С фамилиями у генерал-фельдмаршала вышла такая история: его отец, генерал Эдуард фон Левински, очень любил работу по производству детей и настрогал их целый десяток. Десятым оказался Фридрих Эрих. Сестра его матери была замужем за генералом Георгом фон Манштейном. Детей у этой пары не было, и Эдуард фон Левински подарил им своего младшего сына. Манштейн усыновил Фридриха Эриха — так и появилась у мальчика двойная фамилия, но вторую ее, вернее — первую, часть он старался не упоминать, естественно, не из-за предвидения, что она будет прославлена на весь мир юной американской специалисткой по оральному сексу, а потому что он нее исходил еврейский душок. Это в тысячелетнем рейхе было пострашнее, чем оральный секс, и всегда, когда он представал перед фюрером, ему казалось, что тот, приближаясь к нему, шевелит ноздрями, как охотничий пес: не пахнет ли здесь евреем.

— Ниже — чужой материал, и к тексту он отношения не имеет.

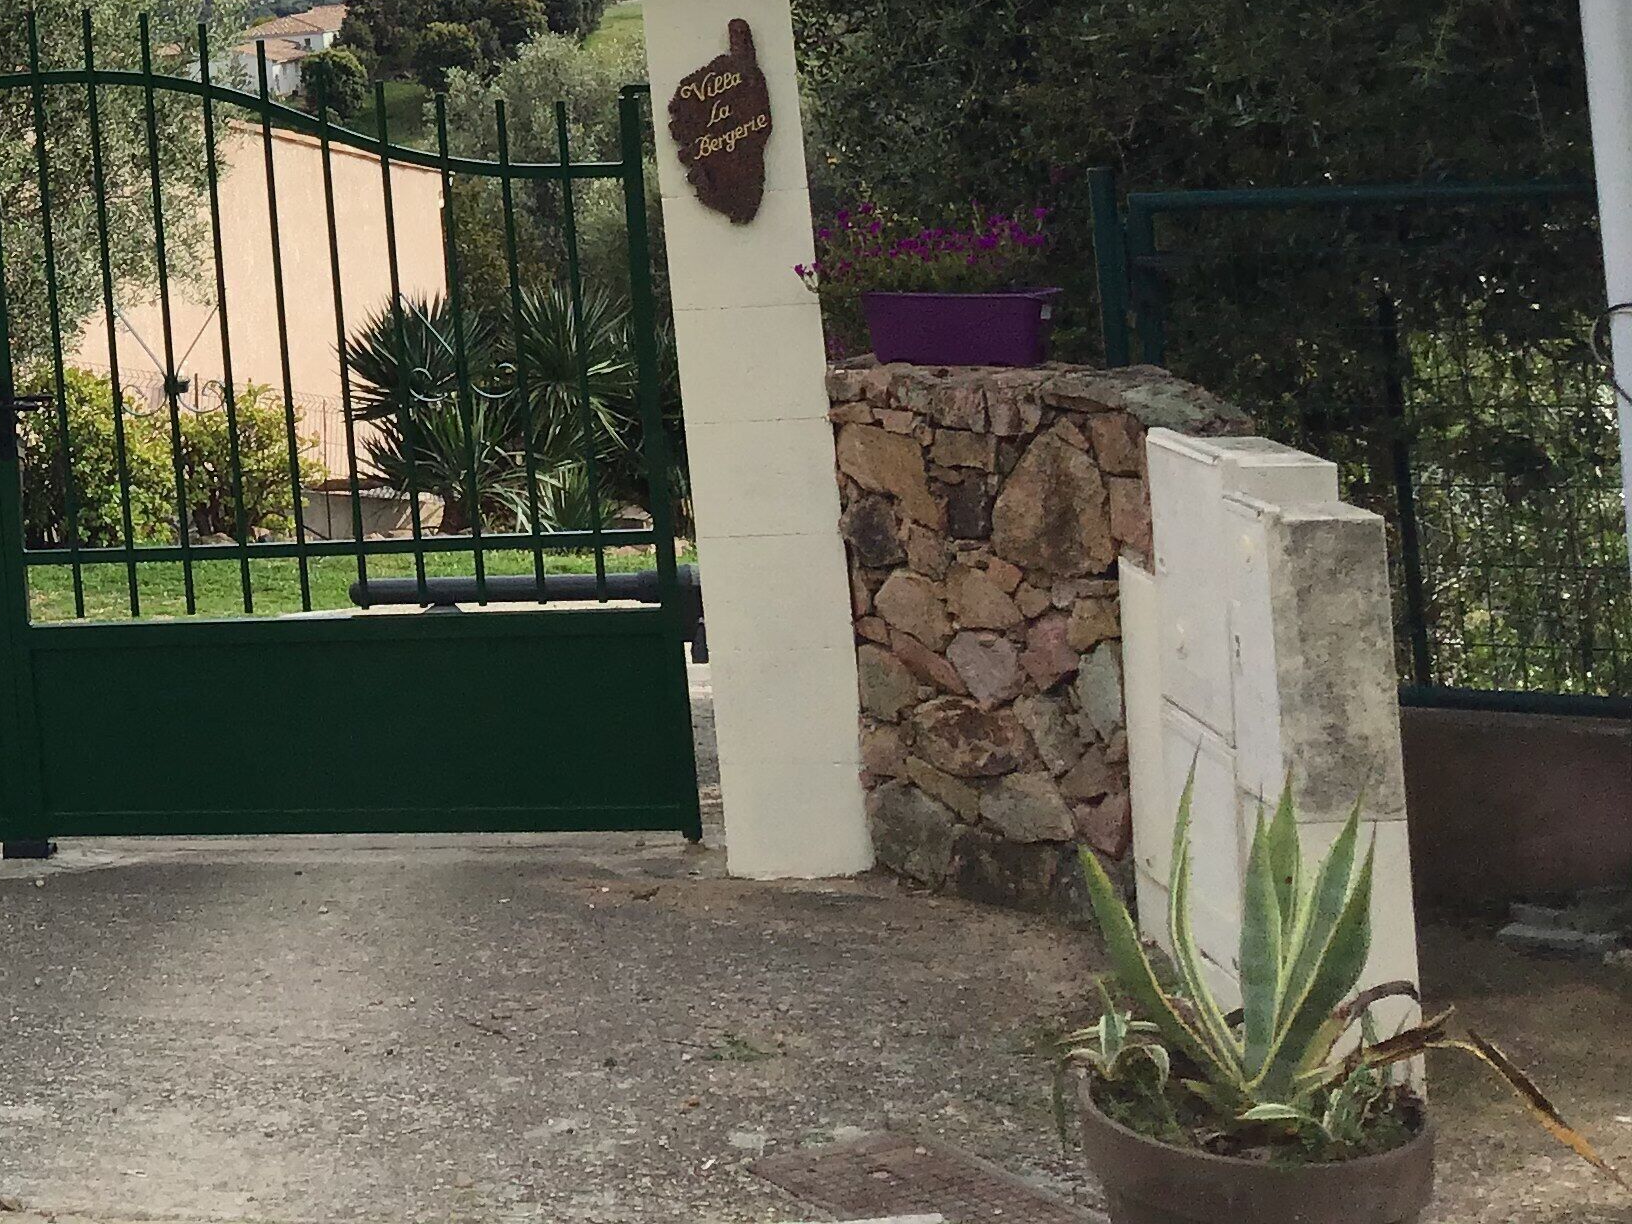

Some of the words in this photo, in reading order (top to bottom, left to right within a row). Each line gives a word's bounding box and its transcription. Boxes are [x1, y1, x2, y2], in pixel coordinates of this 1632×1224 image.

Панорама Зальцбурга и на этот раз отвлекла его от этих неприятных размышлений, и в его памяти возник другой образ — образ Крыма и его Южного берега: его красотами он любовался из Ливадийского дворца. Тогда он задумчиво смотрел на по-летнему синее море. Недолгий бой за Ялту стих еще неделю назад, а стрельба, доносившаяся с восточной окраины города, его не волновала: он точно знал, что доблестные немцы приканчивают там на дне оврага у знаменитых виноградников Массандры полторы тысячи детей, женщин и стариков за то, что он евреи. (На этом месте новая крымская мразь сейчас возводит свои особняки и доходные дома.) Вообще эти евреи постоянно путались у него под ногами: побывал он как-то в свою свободную минуту в Бахчисарае, полюбовался, как он потом напишет, шедеврами татарской архитектуры, имея в виду ханский дворец, а вот на обратном пути, когда он в неге смежил очи, снизошедшее на него умиротворение было прервано каким-то мерзким шумом. Оказалось, что бравые нибелунги, выловив в лагере военнопленных тысячонку-другую евреев, весело гнали их теперь к морю, чтобы утопить и, тем самым, реализовать несколько модернизированный библейский сюжет, отразившийся в немецкой народной песне тех времен:
Он любил историю с географией и был в этом смысле человеком начитанным. Приступая к описанию своего Крымского похода, он помянул добрым словом живших на полуострове греков, готов, генуэзцев и татар. Среди жителей Тавриды, которых он забыл назвать, был и небольшой народ — крымчаки — потомки упомянутых им генуэзцев, исповедовавшие уникальную иудео-исламскую религию, — народ, практически полностью уничтоженный его стараниями, во имя Германии, разумеется. Впрочем, какое ему до этого дело: он ведь был простым солдатом, и потому, по его мнению, имел полное право назвать суд в Гамбурге, перед которым он предстал как военный преступник, актом «дорогостоящей мести», развертывавшимся с праздной серьезностью.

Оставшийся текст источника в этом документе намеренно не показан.